What the task asks: No pictures go in the copy; everything else in the records below must be output exactly.

Exercise inputs:
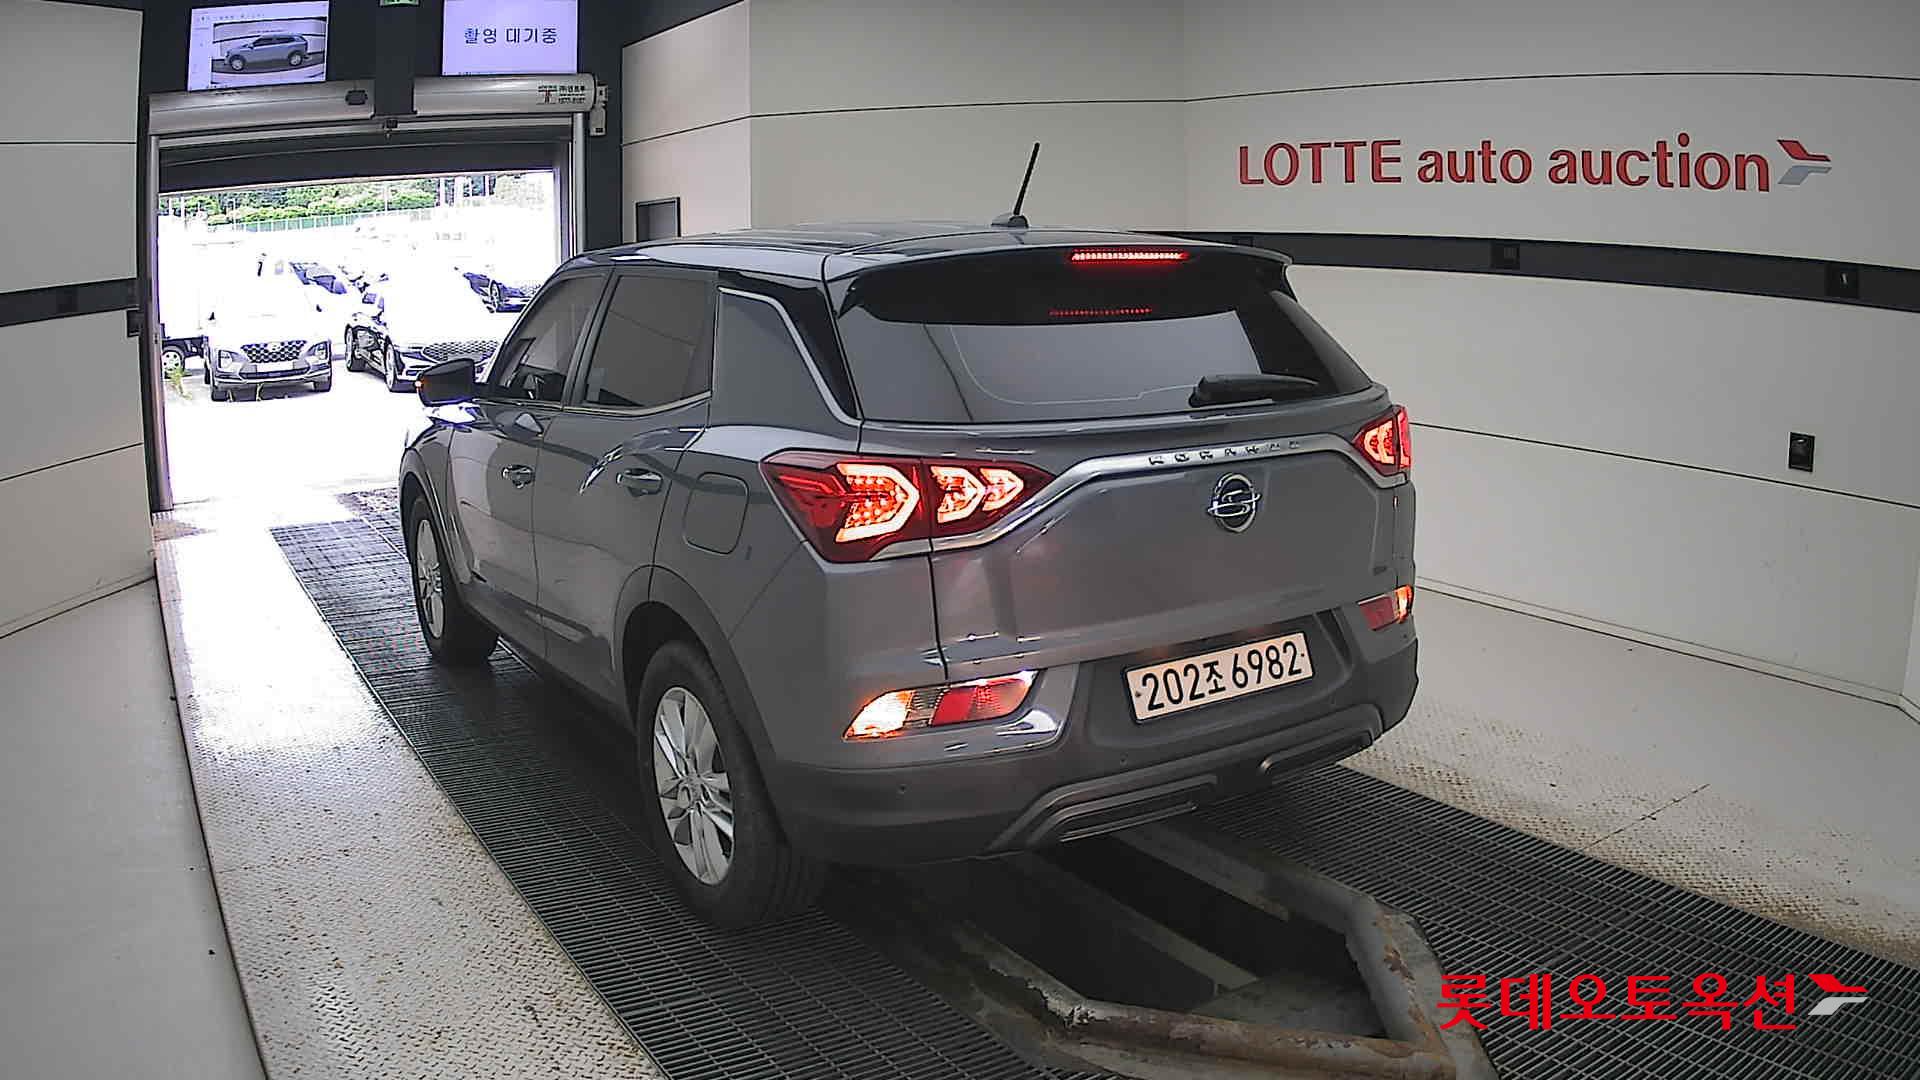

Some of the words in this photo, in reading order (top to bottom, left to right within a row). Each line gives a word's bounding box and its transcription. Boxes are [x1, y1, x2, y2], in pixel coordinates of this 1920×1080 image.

[464, 27, 497, 44] 촬영
[504, 27, 558, 44] 대기중
[1238, 139, 1402, 184] LOTTE
[1416, 141, 1533, 184] auto
[1549, 132, 1770, 191] auction
[1232, 641, 1302, 688] 6982

Exercise solution:
Some of the words in this photo, in reading order (top to bottom, left to right within a row). Each line gives a word's bounding box and its transcription. Boxes are [x1, y1, x2, y2], in pixel coordinates of this 1920×1080 image.

[464, 27, 497, 44] 촬영
[504, 27, 558, 44] 대기중
[1238, 139, 1402, 184] LOTTE
[1416, 141, 1533, 184] auto
[1549, 132, 1770, 191] auction
[1232, 641, 1302, 688] 6982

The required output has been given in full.